Penilaian risiko diawali dengan penetapan maksud dan tujuan Instansi

Pemerintah yang jelas dan konsisten baik pada tingkat instansi maupun pada

tingkat kegiatan. Selanjutnya instansi pemerintah mengidentifikasi secara efisien

dan efektif resiko yang dapat menghambat pencapaian tujuan tersebut, baik yang

bersumber dari dalam maupun dari luar instansi. Terhadap resiko yang telah

diidentifikasi, dianalisis untuk mengetahui pengaruhnya terhadap pencapaian

tujuan. Pimpinan Instansi Pemerintah merumuskan pendekatan manajemen resiko

dan kegiatan pengendalian resiko yang diperlukan untuk memperkecil resiko.

               

(4)

3. Kegiatan Pengendalian Operasional

Kegiatan pengendalian merupakan kebijakan dan prosedur yang

membantu memastikan dilaksanakannya arahan pimpinan Instansi Pemerintah

untuk mengurangi resiko yang telah diidentifikasi selama proses penilaian resiko.

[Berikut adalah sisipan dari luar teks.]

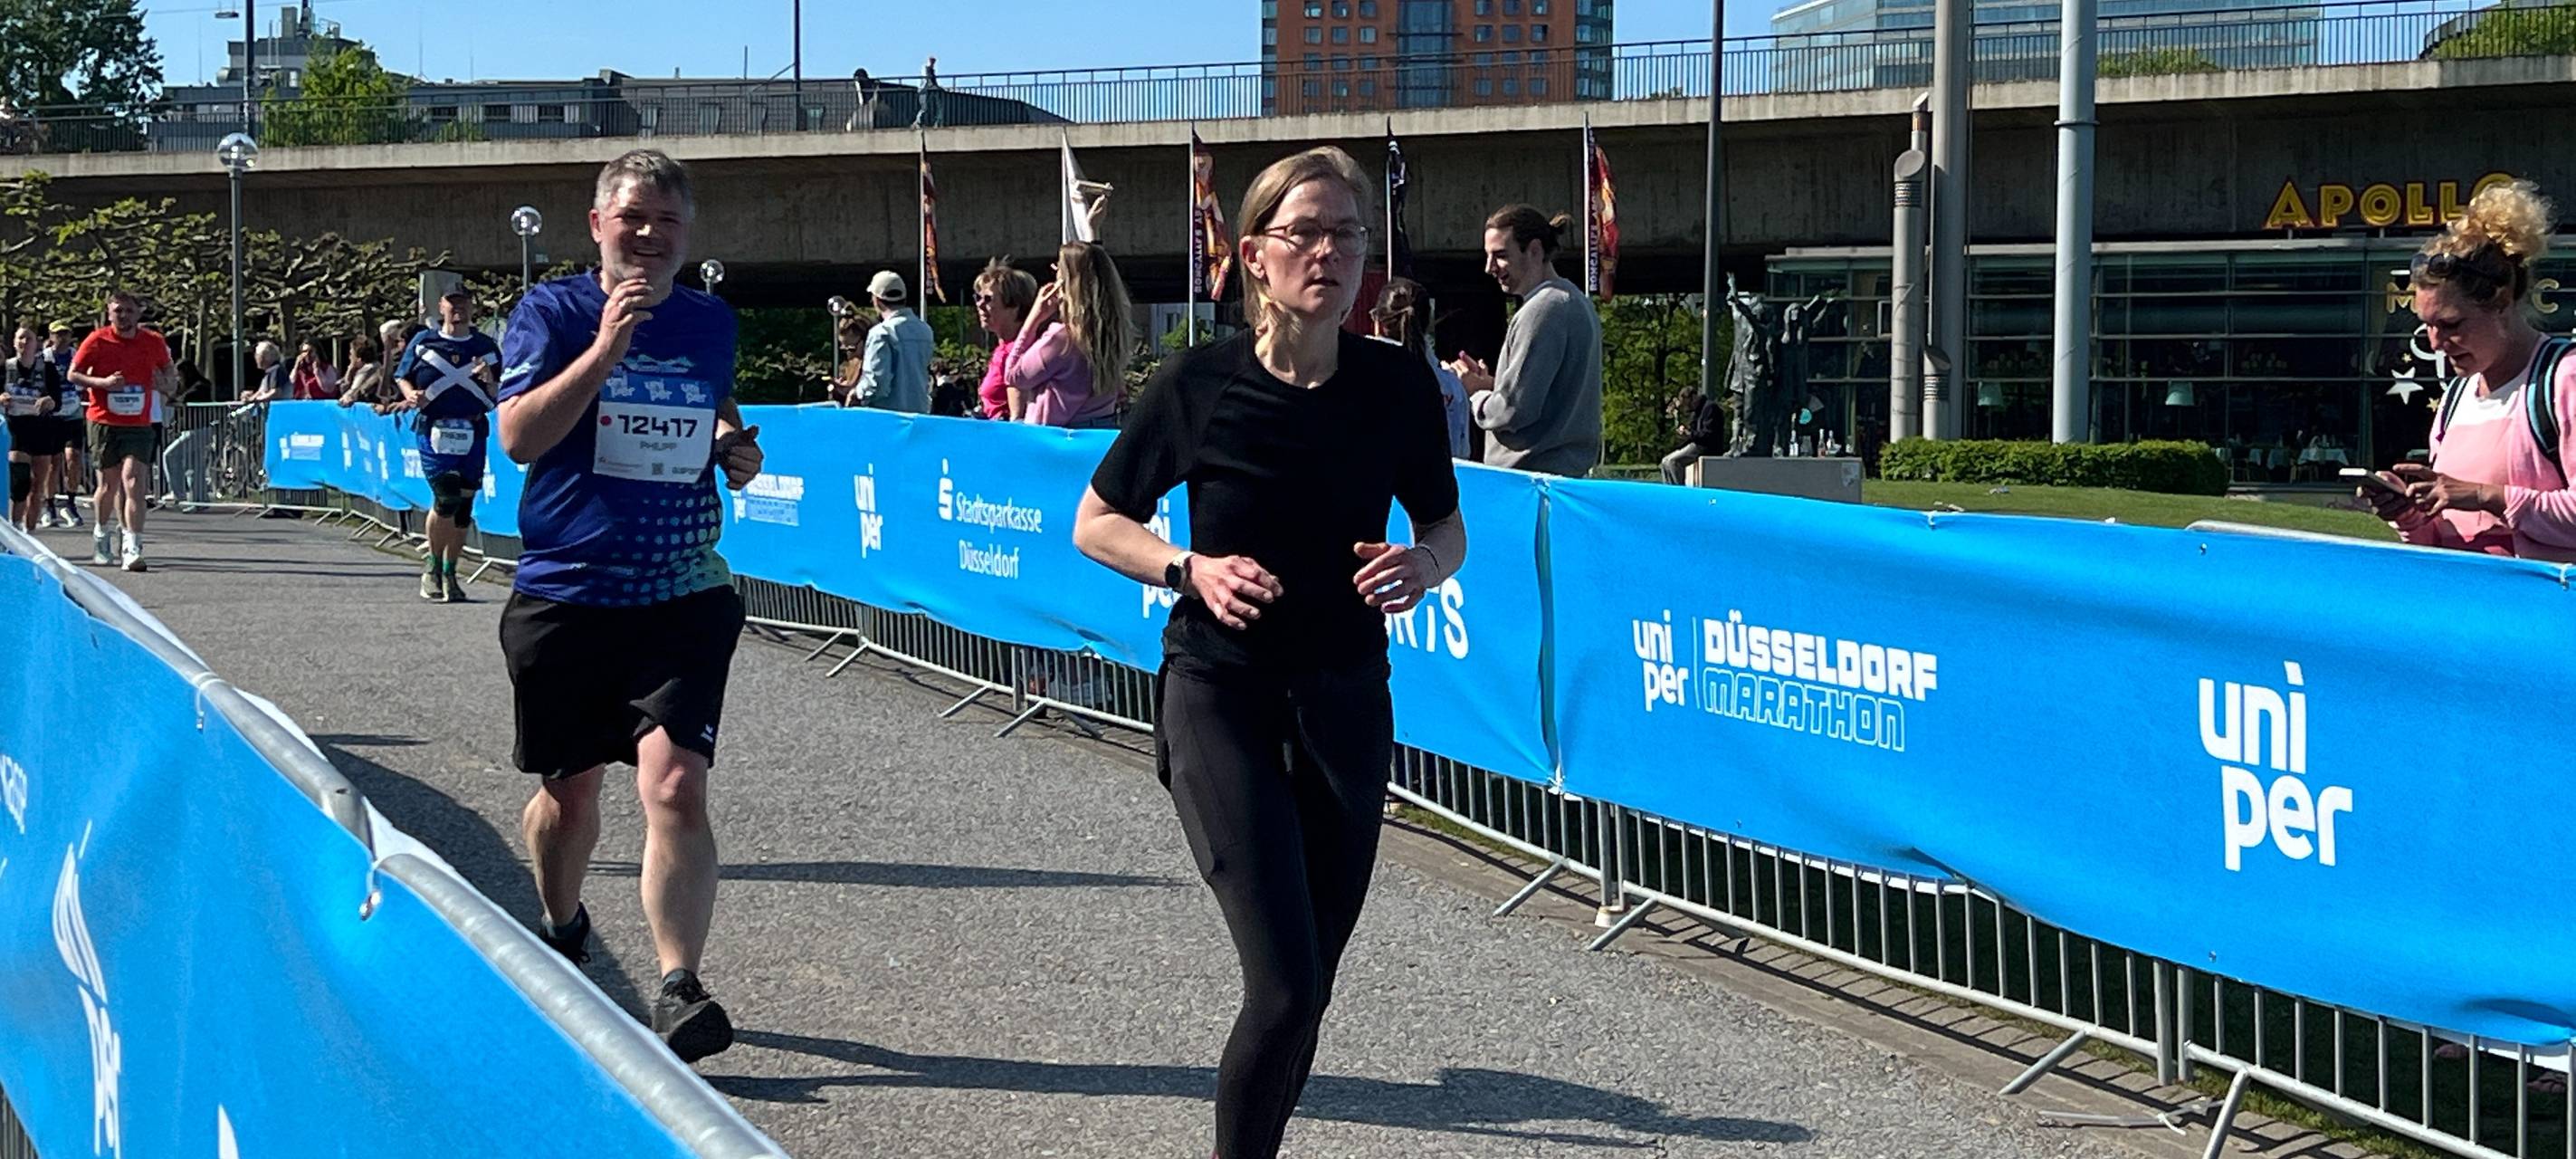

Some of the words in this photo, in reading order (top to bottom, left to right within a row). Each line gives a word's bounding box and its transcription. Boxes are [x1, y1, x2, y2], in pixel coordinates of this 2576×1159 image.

Kegiatan pengendalian yang diterapkan dalam suatu Instansi Pemerintah

dapat berbeda dengan yang diterapkan pada Instansi Pemerintah lain. Perbedaan

penerapan ini antara lain disebabkan oleh perbedaan visi, misi dan tujuan,

lingkungan dan cara beroperasi, tingkat kerumitan organisasi, sejarah dan latar

belakang serta budaya, serta resiko yang dihadapi.

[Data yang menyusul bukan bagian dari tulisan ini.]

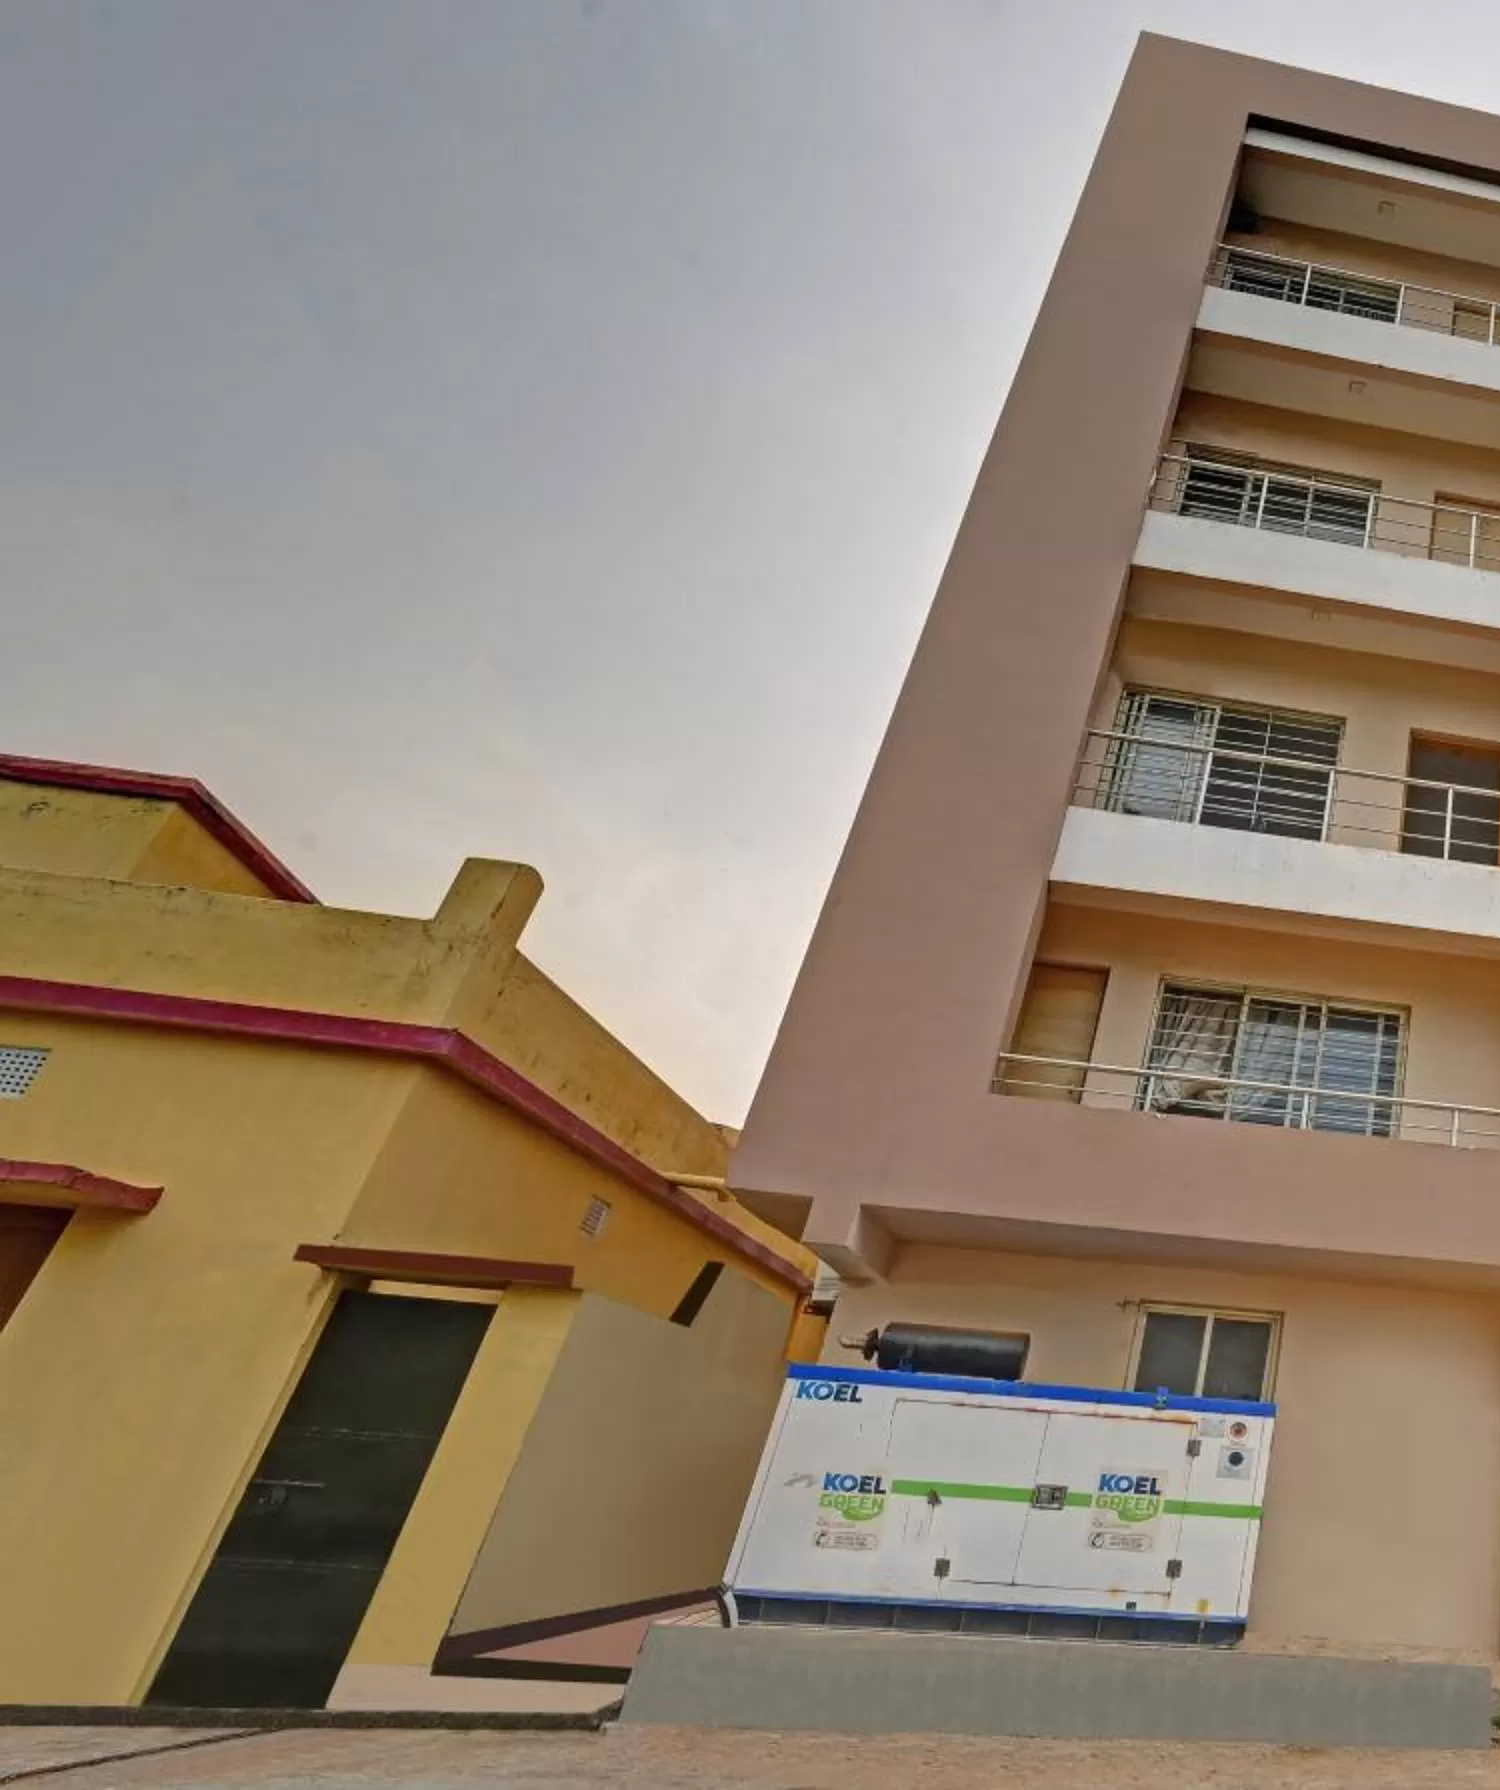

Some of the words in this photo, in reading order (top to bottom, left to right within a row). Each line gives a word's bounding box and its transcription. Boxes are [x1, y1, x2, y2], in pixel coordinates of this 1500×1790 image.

[797, 1381, 862, 1402] KOEL
[823, 1472, 886, 1494] KOEL
[1098, 1473, 1162, 1495] KOEL
[819, 1493, 885, 1513] GREEN
[1095, 1494, 1161, 1514] GREEN

4. Penyebaran dan Komunikasi Informasi Pengendalian

Informasi yang berhubungan perlu diidentifikasi, ditangkap dan

dikomunikasikan dalam bentuk dan kerangka waktu yang memungkinkan para

pihak memahami tanggung jawab. Sistem informasi menghasilkan laporan,

kegiatan usaha, keuangan dan informasi yang cukup untuk memungkinkan

pelaksanaan dan pengawasan kegiatan Instansi Pemerintah. Informasi yang

dibutuhkan tidak hanya internal namun juga eksternal. Komunikasi yang efektif

harus meluas di seluruh jajaran organisasi dimana seluruh pihak harus menerima

pesan yang jelas dari manajemen puncak yang bertanggung jawab pada

pengawasan. Semua pegawai harus paham peran mereka dalam sistem

pengendalian interen seperti juga hubungan kerja antar individu. Mereka harus

memiliki alat yang menyebarluaskan informasi penting.

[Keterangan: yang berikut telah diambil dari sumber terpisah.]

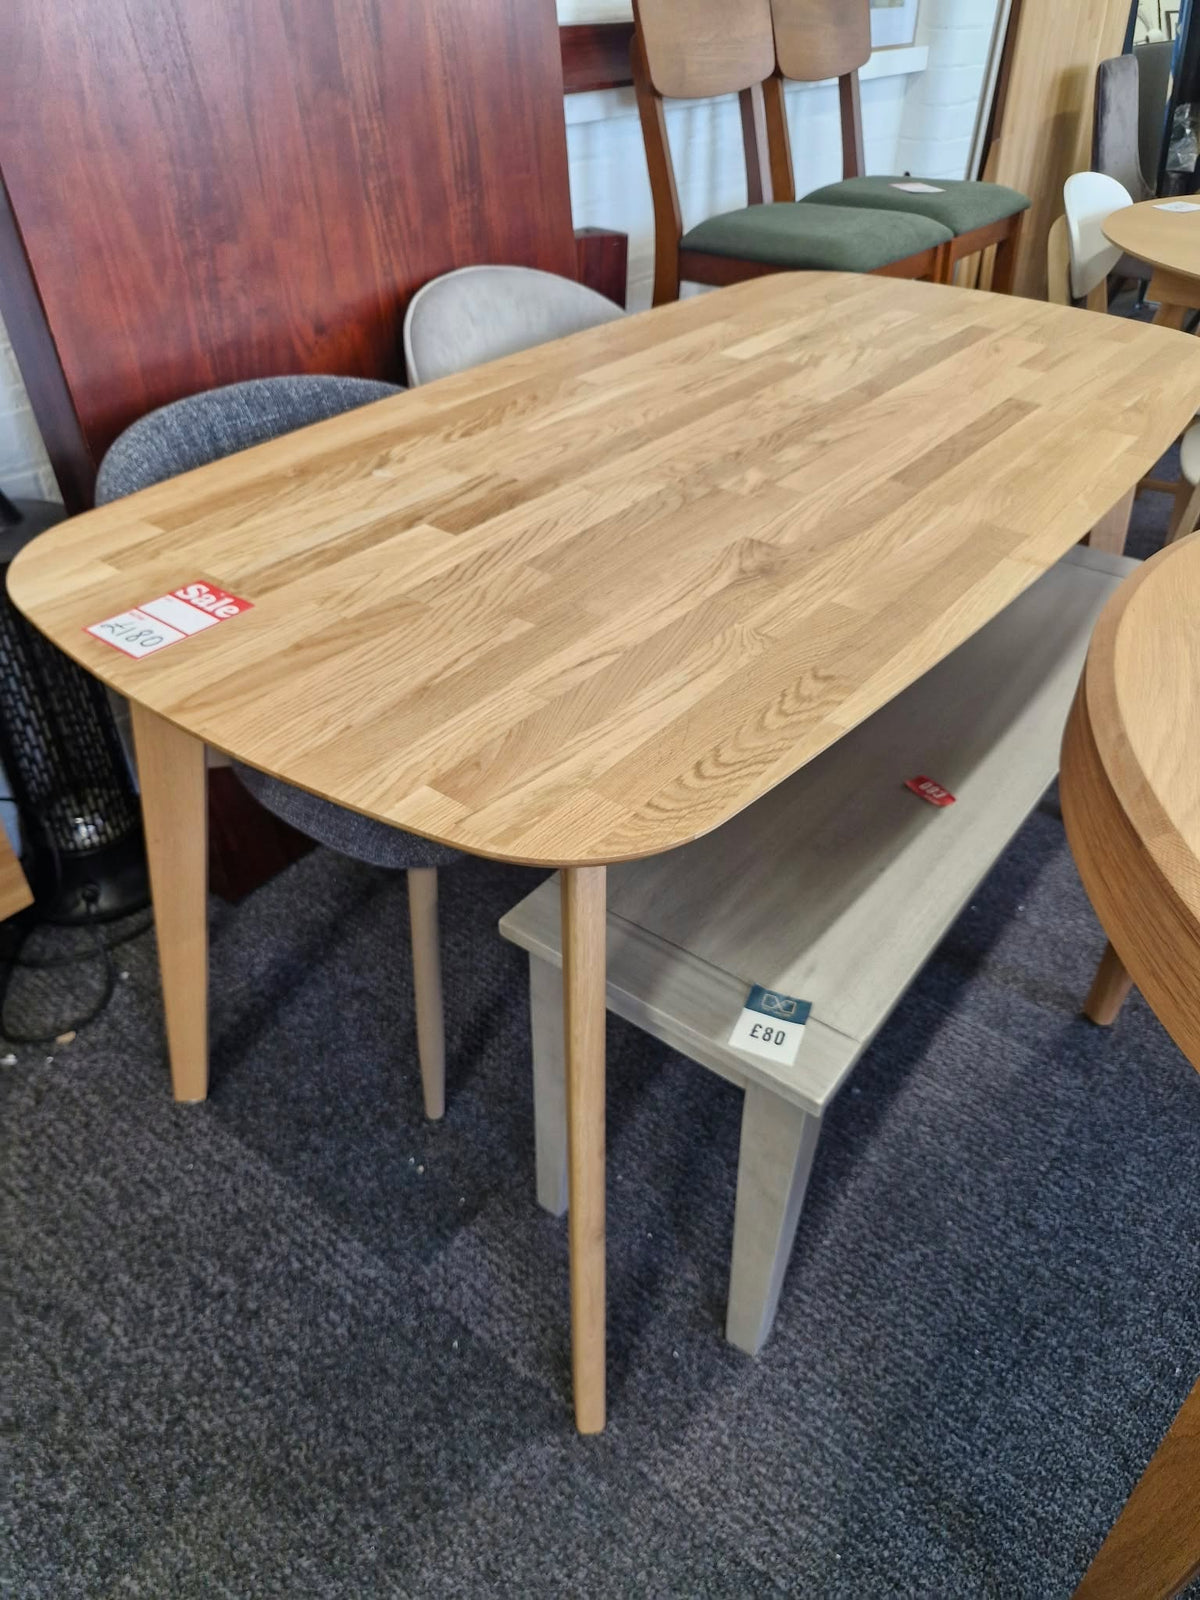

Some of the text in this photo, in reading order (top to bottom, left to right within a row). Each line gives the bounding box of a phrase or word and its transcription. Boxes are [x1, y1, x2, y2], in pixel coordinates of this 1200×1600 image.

[174, 583, 240, 618] Sale
[100, 621, 164, 648] £180
[749, 1023, 786, 1046] £80

5. Monitoring dan Evaluasi Pengendalian

Pemantauan Sistem Pengendalian Intern dilaksanakan melalui pemantauan

berkelanjutan, evaluasi terpisah, dan tindak lanjut rekomendasi hasil audit dan

               

(5)

reviu lainnya. Pemantauan berkelanjutan diselenggarakan melalui kegiatan

pengelolaan rutin, supervisi, pembandingan, rekonsiliasi dan tindakan lain yang

terkait dalam pelaksanaan tugas. Evaluasi terpisah diselenggarakan melalui

penilaian sendiri, reviu, dan pengujian efektivitas Sistem Pengendalian Intern

yang dapat dilakukan oleh aparat pengawasan intern pemerintah atau pihak

eksternal pemerintah dengan menggunakan daftar uji pengendalian intern.

Tindak lanjut rekomendasi hasil audit dan reviu lainnya harus segera

diselesaikan dan dilaksanakan sesuai dengan mekanisme penyelesaian

rekomendasi hasil audit dan reviu lainnya yang ditetapkan. Pengertian SPIP

tersebut mengarah pada empat tujuan yang ingin dicapai dengan dibangun dan

diterapkannya SPIP, yaitu:

a. Efektifitas dan Efisien Kegiatan

Kegiatan instansi pemerintah dikatakan efektif bila telah ditangani sesuai

dengan rencana dan hasilnya telah sesuai dengan tujuan dan sasaran yang telah

ditetapkan. Sedangkan, efisien biasanya dikaitkan dengan pemanfaatan asset

untuk mendapatkan hasil. Kegiatan instansi pemerintah dikatakan efisien bila

mampu menghasilkan produksi yang berkualitas tinggi (pelayanan prima), dengan

bahan baku (sumber daya) yang sesuai dengan standar.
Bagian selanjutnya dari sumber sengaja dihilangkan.